It seems that Ms. Grant has been unable to leave zombies behind. Despite the differences that the title Parasite seems to promise, the novel still carries some of the DNA from the Newsflesh Trilogy. (See Feed)
Mad scientists, vacant – but still shambling – bodies, evil corporations, and identity issues caused by unexpected scientific phenomena all populate Grant’s new futuristic world.
Gone are the stark white halls of the zombie-controlling CDC, altered to the modern, sterile, perfumed offices of the newest evil corporation SymboGen. Gone are the cure-zombies, replaced with people who go brain dead and occasionally wander around with violent tendencies.
Anyone that feared that Grant would simply rewrite her old characters, where Sal is concerned, need not be worried. She is neither as disconcerting as Georgia, nor does she possess the happy-go-lucky insanity of Shaun.
Sal has woken up from a car accident with no memories of her previous life, and she has her Intestinal Bodyguard (parasite) to thank. After six years of trying to relearn everything from walking to talking, she is now trying to live her life outside of SymboGen’s prying grasp.
Sal is afraid of cars, an animal enthusiast, and finds beauty in carnivorous plants, giving her the quirky personality I’m beginning to expect from Grant’s writing. But can the same be said of her other characters? Perhaps not. Her boyfriend Nathan comes off somewhat bland, though calmingly so, and Sal’s potentially interesting family doesn’t get too much face time.

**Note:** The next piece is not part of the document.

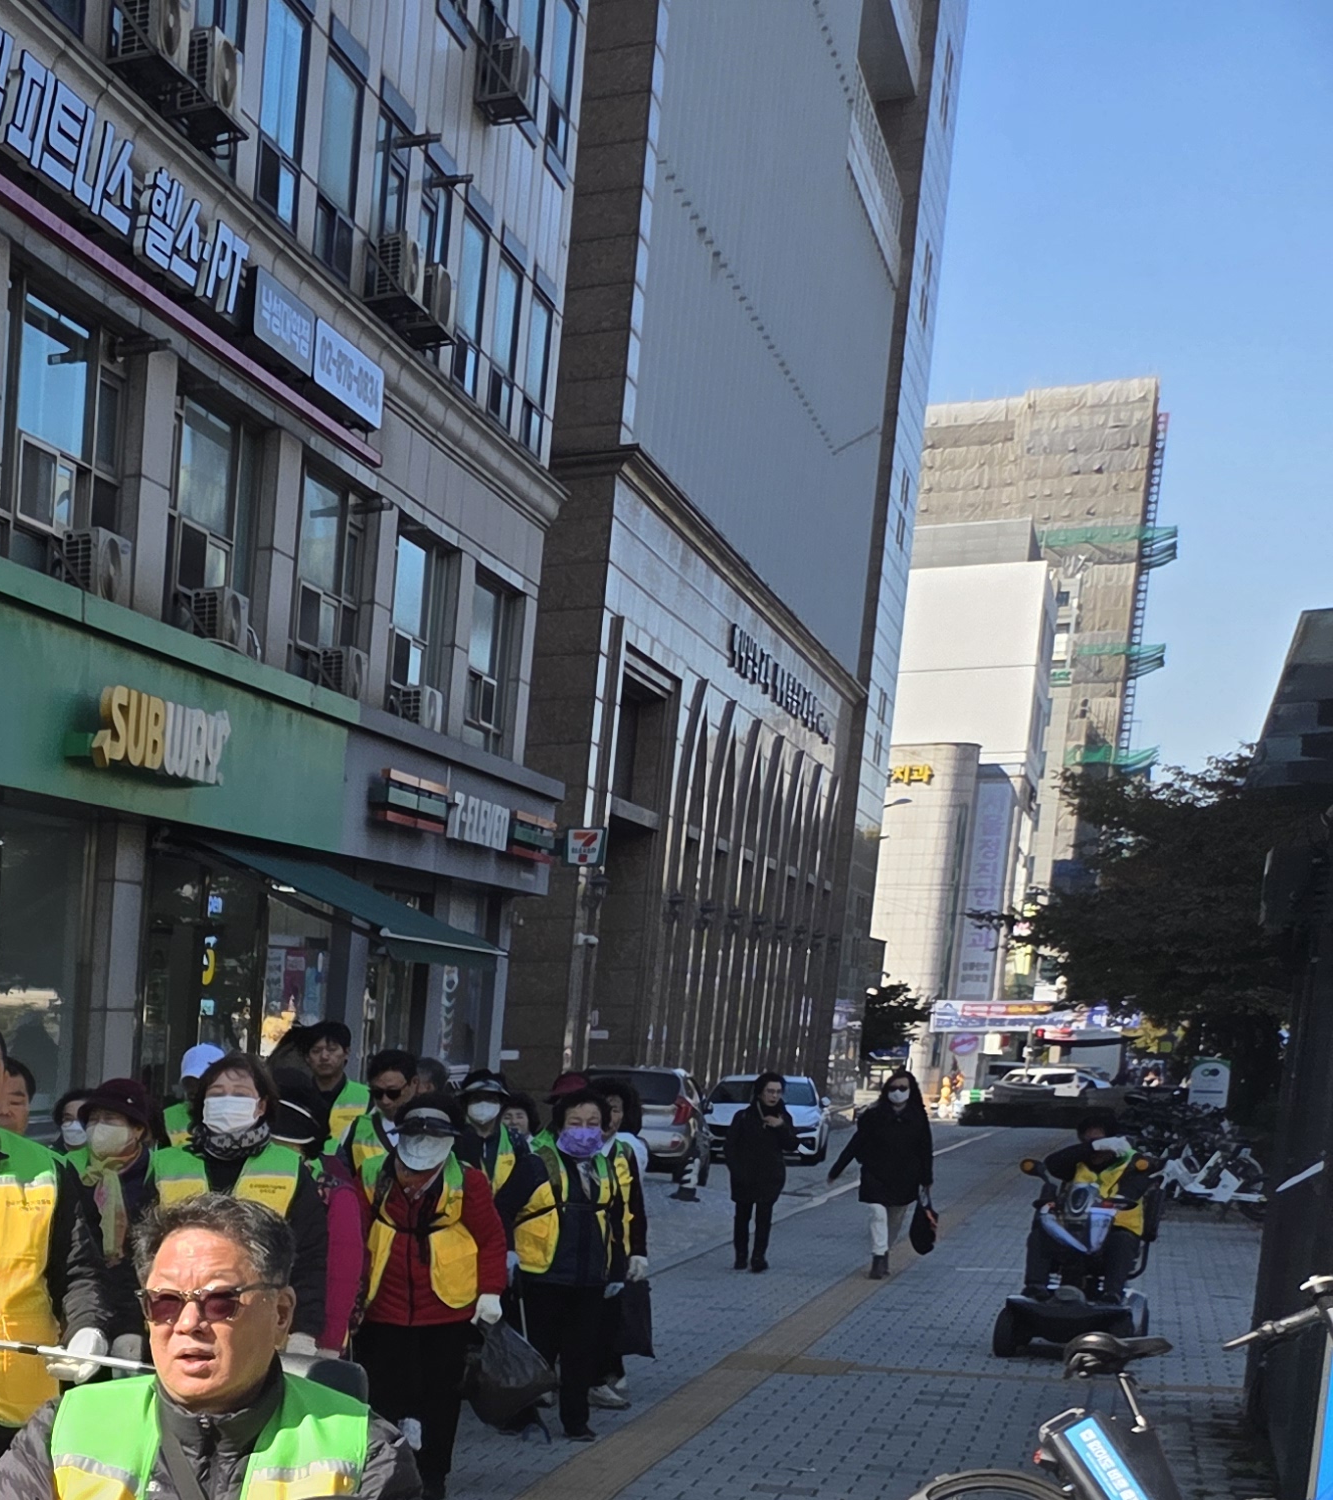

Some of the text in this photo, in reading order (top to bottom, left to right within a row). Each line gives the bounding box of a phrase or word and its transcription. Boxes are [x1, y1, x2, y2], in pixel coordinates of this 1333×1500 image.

[5, 48, 134, 236] 피트니스
[92, 685, 231, 786] SUBWAY
[891, 764, 933, 786] 치과

My bloodthirsty side is hoping that we will get a satisfying conclusion in which the evil Dr. pays for everything he’s done.
All in all, Parasite seems like Newsflesh’s quieter cousin. Yes, research has been done, but it seems far less based in reality than her other works have. And somehow parasite-zombies seem far less believable hybrid-cure-zombies, and exceedingly less imposing due to that same fact.
Where the reveals left us reeling in Deadline, wondering how the corruption goes, Parasite’s hidden conspiracies have been guessable from the first few pages, leaving you waiting impatiently for the characters to catch up.
The difference that I like is that this time is there is someone to hold accountable. Blackout ended with (view spoiler) Parasite gives us a very public figure Dr. Stephen Banks to blame all of SymboGen’s misdeeds on. My bloodthirsty side is hoping (and I am only halfway through at this point) that we will get a satisfying conclusion in which the evil Dr. pays for everything he’s done.
It was something that truly disappointed me when I finished Newsflesh. And while it may seem like a stereotypical way to resolve a story as good as Newsflesh or Parasite, I have faith in Grant’s ability to avoid stereotypes.
I hope my faith will be rewarded.
The name Stephen Banks reminds me of Stephen Jobs so much. Anyone else?